Demasiado tarde. Inger Johanne se deslizó por el suelo sin hacer prácticamente ruido y desapareció. Sólo la inquietud quedó tras ella. Un pinchazo de acidez en torno al estómago le hizo servirse más leche en el café.
La historia de Yngvar era peor que la de Inger Johanne. Las comparaciones no eran sólo odiosas, sino también imposibles.
El dolor no se podía medir, las pérdidas no se podían pesar. Pero él no conseguía evitarlo del todo. Desde que se conocieron, un dramático verano hacía casi cuatro años, ella sé había pillado algunas veces de más irritándose con la tristeza de Inger Johanne por la particularidad de Kristiane.
Al fin y al cabo, Inger Johanne tenía una hija. Una niña viva con gran apetito por la vida. Rara como pocos, pero a su manera Kristiane era una niña cariñosa y completamente presente.
– Ya lo sé -dijo de pronto Inger Johanne, que había entrado desde el pasillo sin que él se diera cuenta-. Tú cargas con más que yo. Tu hija murió. Yo debería estar agradecida. Y lo estoy.
Un temblor en el labio inferior, apenas perceptible, la hizo callar. La mano le cubrió los ojos.
– ¿Estaba todo bien con Ragnhild? -preguntó Yngvar.
Ella asintió.
– Es que tengo tanto miedo -susurró-. Cuando duerme, tengo miedo de que esté muerta. Cuando se despierta, tengo miedo de que se muera. O de que le pase alguna otra cosa.
– Inger Johanne -dijo él, abatido, dando palmas sobre el asiento junto a él-. Ven aquí. Siéntate. -Ella se dejó caer lentamente junto a él. Él le acarició la espalda, arriba y abajo, un poco apresuradamente-. Todo va bien…
– Estás irritado -susurró ella.
– No.
– Sí.
La mano se detuvo, la cogió levemente de la barbilla.
– Que no, te digo. Pero ahora… -Yngvar se interrumpió.
– ¿No podrías sencillamente dejarme…?
– ¿Sabes qué? -dijo él, con alegría fingida-. Estamos de acuerdo en que las niñas están bien. Ninguno de los dos puede dormir. Así que ahora le vamos a dedicar una hora a este asunto… Y luego vemos si conseguimos dormir un poco. ¿Vale? -Con dedos torpes martilleó sobre la cara de Fiona Helle.
– Eres muy buen profesional -dijo ella, y se restregó la nariz con el dorso de la mano-. Y este caso es peor de lo que os teméis.
– Ya.
Yngvar vació su taza, la apartó y extendió los papeles de la carpeta sobre el amplio banco. La foto yacía entre ellos. Pasó el dedo índice sobre la nariz de Fiona Helle, le rodeó la boca y se lo pensó un rato antes de levantar la fotografía para mirarla atentamente.

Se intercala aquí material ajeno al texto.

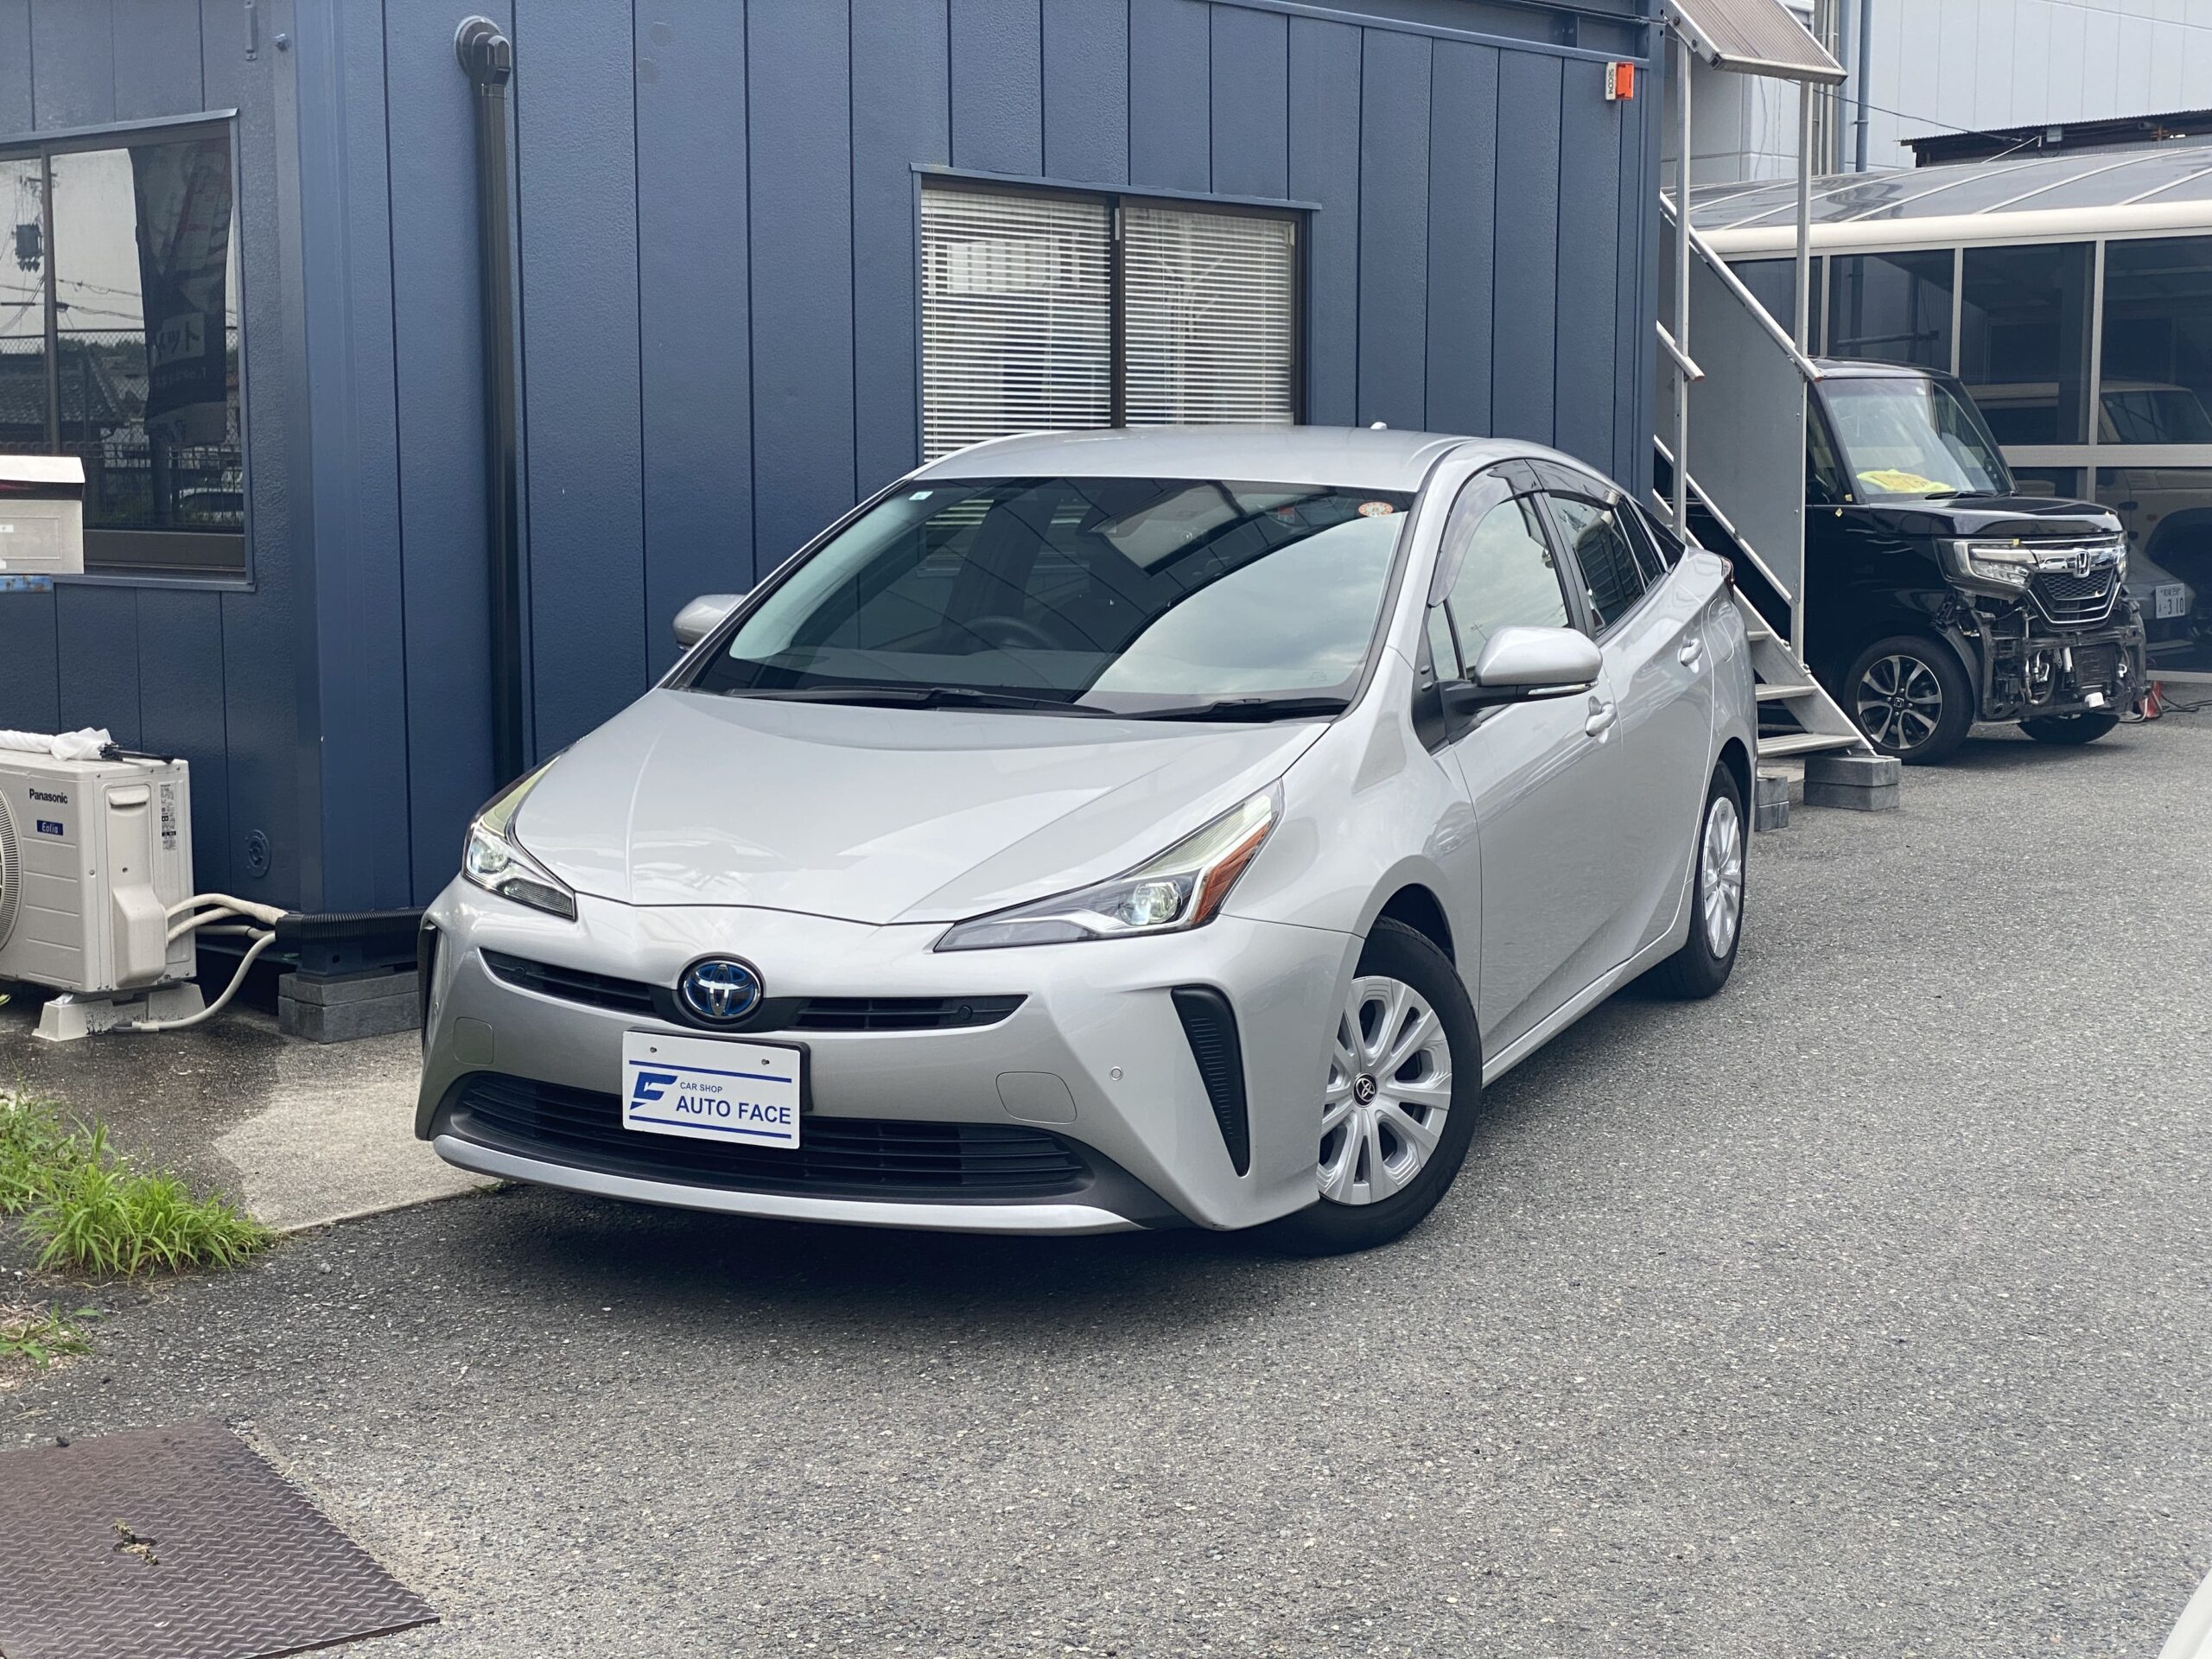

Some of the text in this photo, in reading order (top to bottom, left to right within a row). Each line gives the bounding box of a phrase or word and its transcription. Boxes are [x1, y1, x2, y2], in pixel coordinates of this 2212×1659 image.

[29, 787, 68, 804] Panasonic
[41, 822, 59, 834] Eolia
[680, 1082, 723, 1093] CAR SHOP
[676, 1096, 791, 1124] AUTO FACE

– ¿Qué sabes tú, en realidad, sobre lo que nosotros nos tememos?
– Ni una sola pista -dijo ella con ligereza-. Lo he leído todo a escondidas. -Estaba buscando un documento pero no lo encontraba-. En primer lugar -dijo moqueando-, las huellas en la nieve son casi inutilizables. Aunque es cierto que encontrasteis tres huellas en la entrada de coches que probablemente sean del asesino, pero la temperatura y el viento, además de la nieve que cayó el martes por la noche, hacen que tengan un valor muy limitado. Lo único seguro es que se puso calcetines sobre los zapatos.
– Tras el puto caso Orderud cada jodido ladrón de bicicletas usa ese truco-murmuró él.

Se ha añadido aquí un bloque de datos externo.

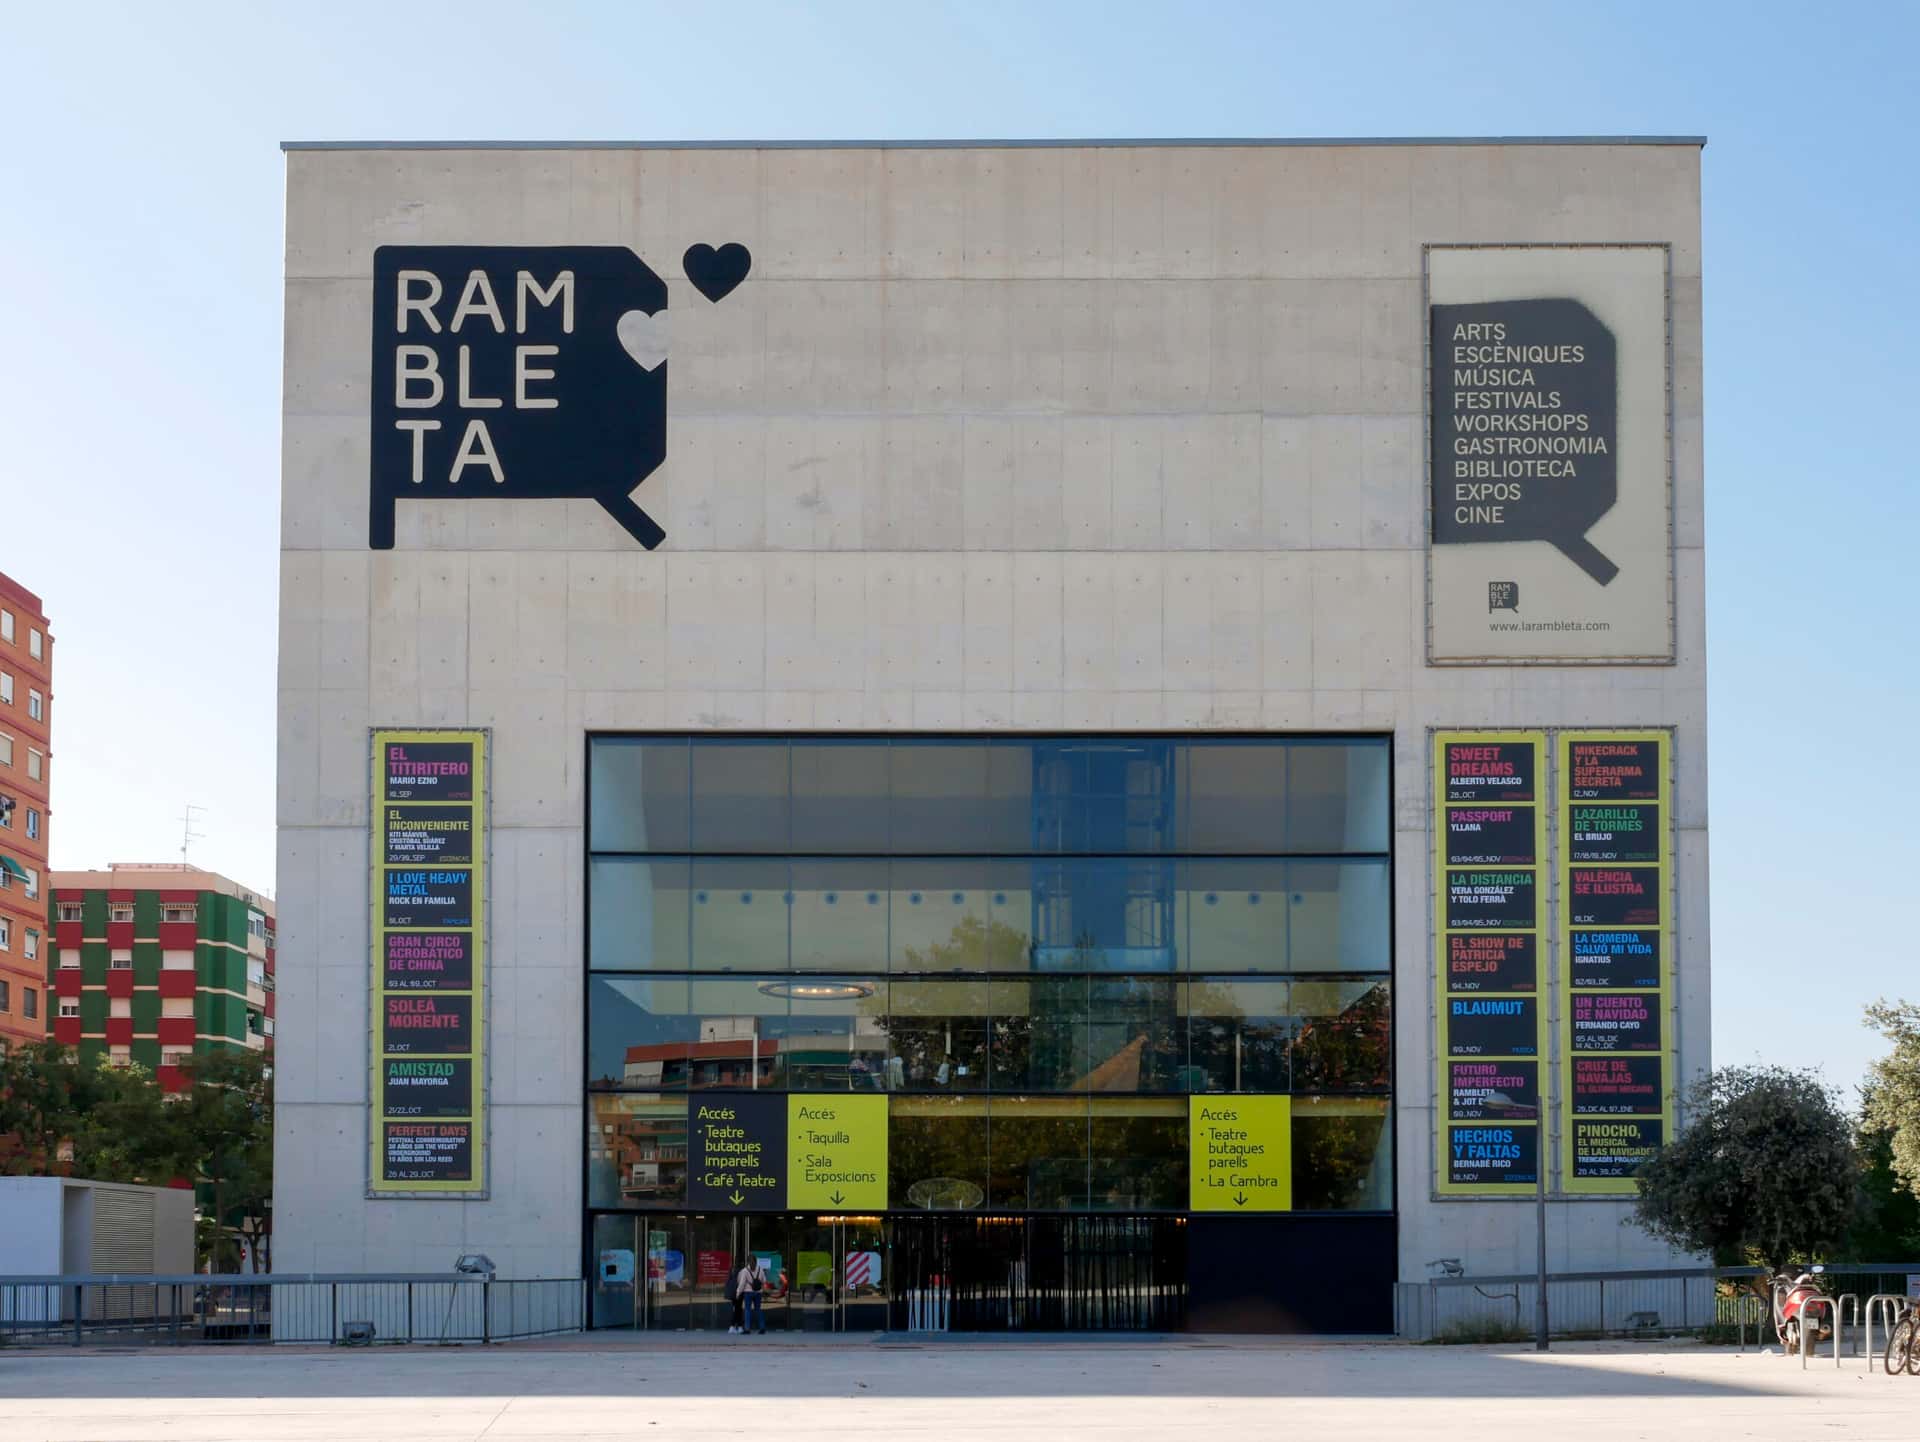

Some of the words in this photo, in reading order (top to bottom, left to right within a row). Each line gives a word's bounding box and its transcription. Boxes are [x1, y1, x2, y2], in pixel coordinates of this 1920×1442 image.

– Cuida tu lenguaje -dijo ella.
– Están durmiendo -adujo Yngvar.
– La talla de los zapatos está en algún sitio entre el cuarenta y uno y el cuarenta y cinco. Cosa que incluye al noventa por ciento de la población masculina.

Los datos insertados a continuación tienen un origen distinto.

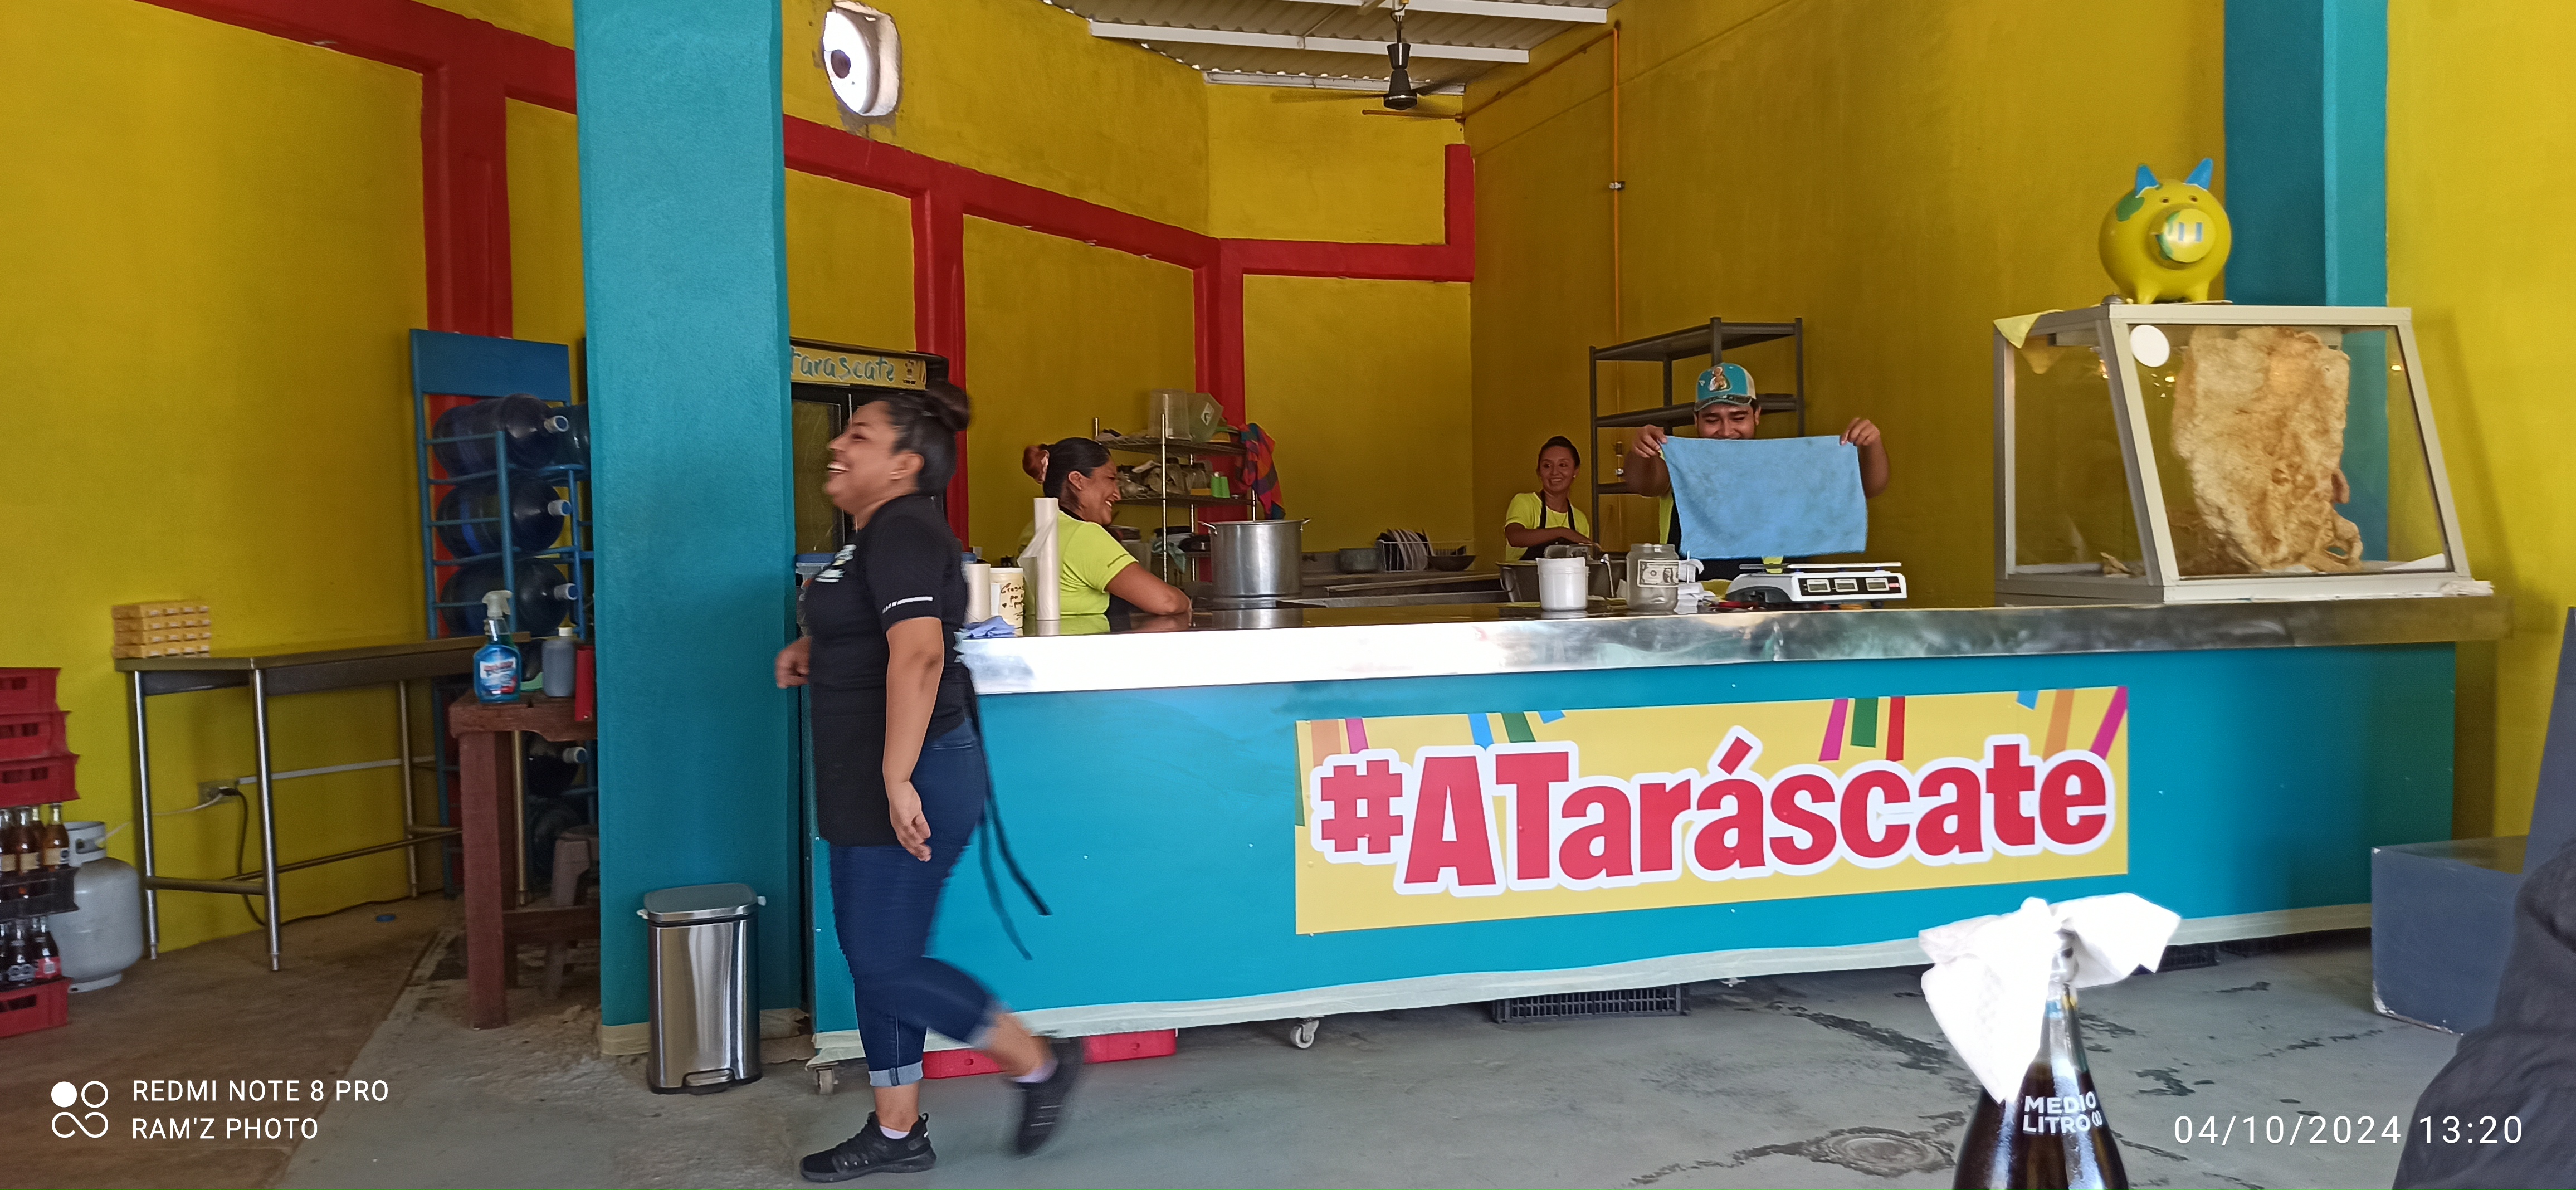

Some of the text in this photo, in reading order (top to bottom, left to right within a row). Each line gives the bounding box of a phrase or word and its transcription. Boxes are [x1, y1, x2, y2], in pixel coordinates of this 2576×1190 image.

[1320, 736, 2106, 887] #ATaráscate
[2024, 1091, 2097, 1114] MEDIO
[2022, 1114, 2091, 1134] LITRO

– Y a una pequeña parte de la femenina -sonrió él, e Inger Johanne metió los pies un poco más bajo la banqueta.
– De todos modos el truco de los zapatos demasiado grandes ya es bastante conocido. Tampoco se puede deducir nada sobre el peso del asesino a partir de la profundidad de las huellas. El hombre ha tenido suerte con el tiempo, así de sencillo.